Il mio blog dà ampio spazio alla storia del Quebec e di Montreal, ma anche alle località più piccole. Mi piace studiare le relazioni tra il Quebec e il resto del mondo. Alcune persone del Quebec hanno segnato la storia degli Stati Uniti, altre, come i Patriotes, hanno lasciato il segno in Paesi più lontani come l’Australia.

Raramente sceglo il soggetto dei post a partire dall’attualità. Mi interessa piuttosto fare scoprire al pubblico piccoli avvenimenti, come faceva lo storico e archivista Pierre-Georges Roy.

Bilancio

Mi sono spesso chiesta se fosse meglio scrivere post corti, frequentemente, o offrire dei post più approfonditi, ma più diluiti nel tempo. Per il momento mi sento più a mio agio nella redazione di post corti. Credo anche che sia essenziale fare delle pause nella pubblicazione, per rivalutare la pertinenza di quanto si sta facendo.

La scrittura del blog mi ha permesso di comprendere quanto molti i siti web siano effimeri. Di recente ho deciso di rivedere alcuni post vecchi e mi sono resa conto che molti link ipertestuali non funzionavano. Molti buoni siti di storia del Quebec sono spariti dalla rete dopo solo pochi anni di esistenza. La Wayback Machine di Archive.org permette di limitare in parte le perdite, ma occorrerebbe comunque un piano concreto per conservare le tracce di questi siti.

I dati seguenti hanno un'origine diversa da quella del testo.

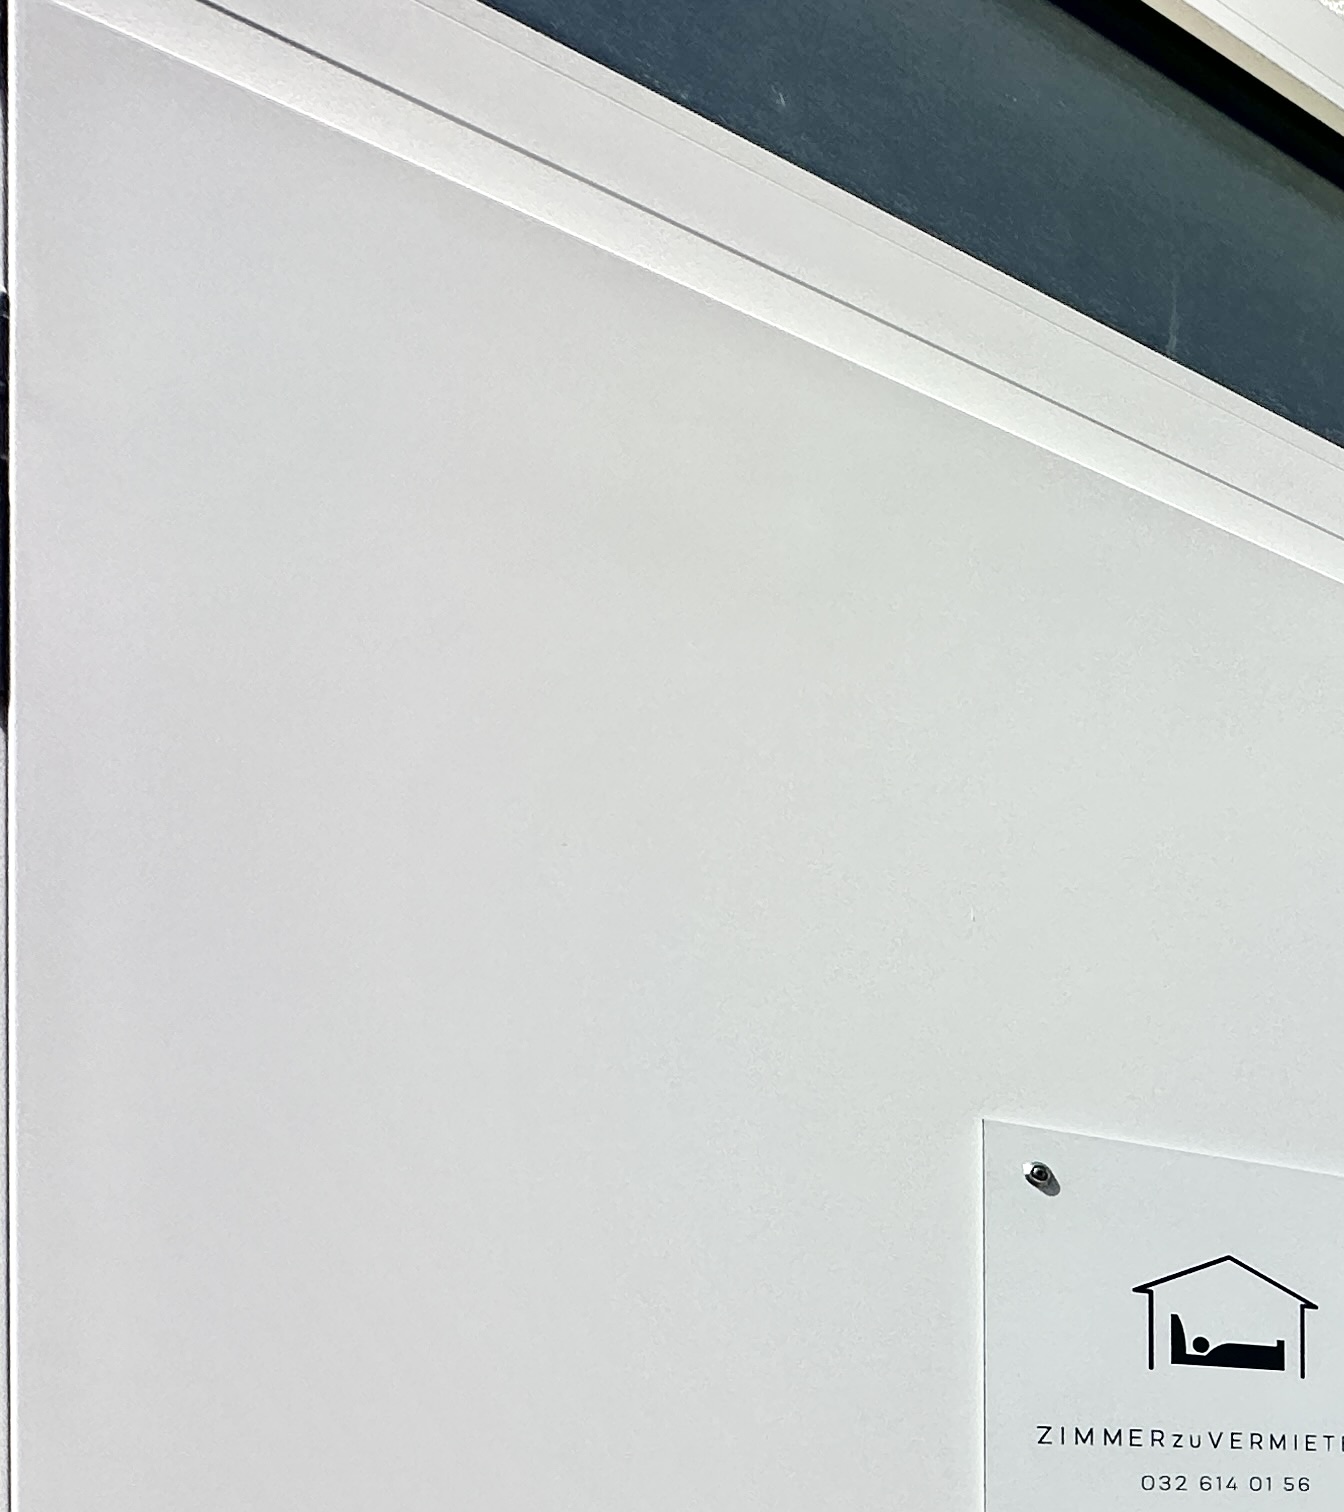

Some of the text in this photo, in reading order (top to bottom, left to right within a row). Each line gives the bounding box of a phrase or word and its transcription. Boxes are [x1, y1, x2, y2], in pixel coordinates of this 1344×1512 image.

[1141, 1474, 1311, 1493] 032 614 01 56

Scrivere un blog significa mettersi sempre in discussione. Quel tema è pertinente? Ci sono soggetti tabù? Come si può migliorare un post? A volte, si può avere l’impressione che quello che si scrive sia di scarsa qualità, che nessuno ci legga. Altre volte si ricevono incoraggiamenti e complimenti. Bisogna gestire i commenti, rispondere alle domande e a volte guidare il lettore nelle sue ricerche, un aspetto che può prendere molto tempo. A volte la motivazione può venir meno. Nel mio caso si tratta di un lavoro solitario. Sono sola nella gestione dei problemi tecnici (fortunatamente rari), nelle ricerche, nella redazione e promozione dei post.

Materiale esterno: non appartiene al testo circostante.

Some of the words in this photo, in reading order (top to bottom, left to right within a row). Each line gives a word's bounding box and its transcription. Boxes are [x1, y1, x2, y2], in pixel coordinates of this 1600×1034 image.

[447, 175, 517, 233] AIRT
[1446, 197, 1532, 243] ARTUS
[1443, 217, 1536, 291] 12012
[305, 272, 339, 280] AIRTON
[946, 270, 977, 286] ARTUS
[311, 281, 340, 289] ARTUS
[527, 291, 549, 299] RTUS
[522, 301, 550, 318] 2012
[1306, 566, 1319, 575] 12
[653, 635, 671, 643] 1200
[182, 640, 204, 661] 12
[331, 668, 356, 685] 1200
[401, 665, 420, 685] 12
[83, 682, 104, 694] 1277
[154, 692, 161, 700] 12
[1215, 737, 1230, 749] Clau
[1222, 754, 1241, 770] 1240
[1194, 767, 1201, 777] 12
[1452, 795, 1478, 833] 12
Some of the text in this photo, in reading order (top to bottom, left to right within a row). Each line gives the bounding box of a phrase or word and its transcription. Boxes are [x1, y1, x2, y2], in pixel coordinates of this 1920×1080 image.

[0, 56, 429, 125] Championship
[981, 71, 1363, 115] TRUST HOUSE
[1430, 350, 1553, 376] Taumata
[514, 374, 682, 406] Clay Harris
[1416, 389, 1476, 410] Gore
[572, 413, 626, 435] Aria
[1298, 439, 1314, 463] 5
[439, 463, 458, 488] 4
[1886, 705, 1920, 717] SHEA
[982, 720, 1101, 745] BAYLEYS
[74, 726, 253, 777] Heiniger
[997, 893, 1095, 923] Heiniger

Il blog mi ha permesso di rendermi conto della ricchezza delle risorse on line, come i progetti di digitalizzazione delle fonti attualmente in corso in Québec.

Scrivere questo blog mi ha permesso di creare dei legami con altre persone appassionate della storia del Québec e di contribuire alla diffusione della sua storia. E questo che mi dà la motivazione per continuare.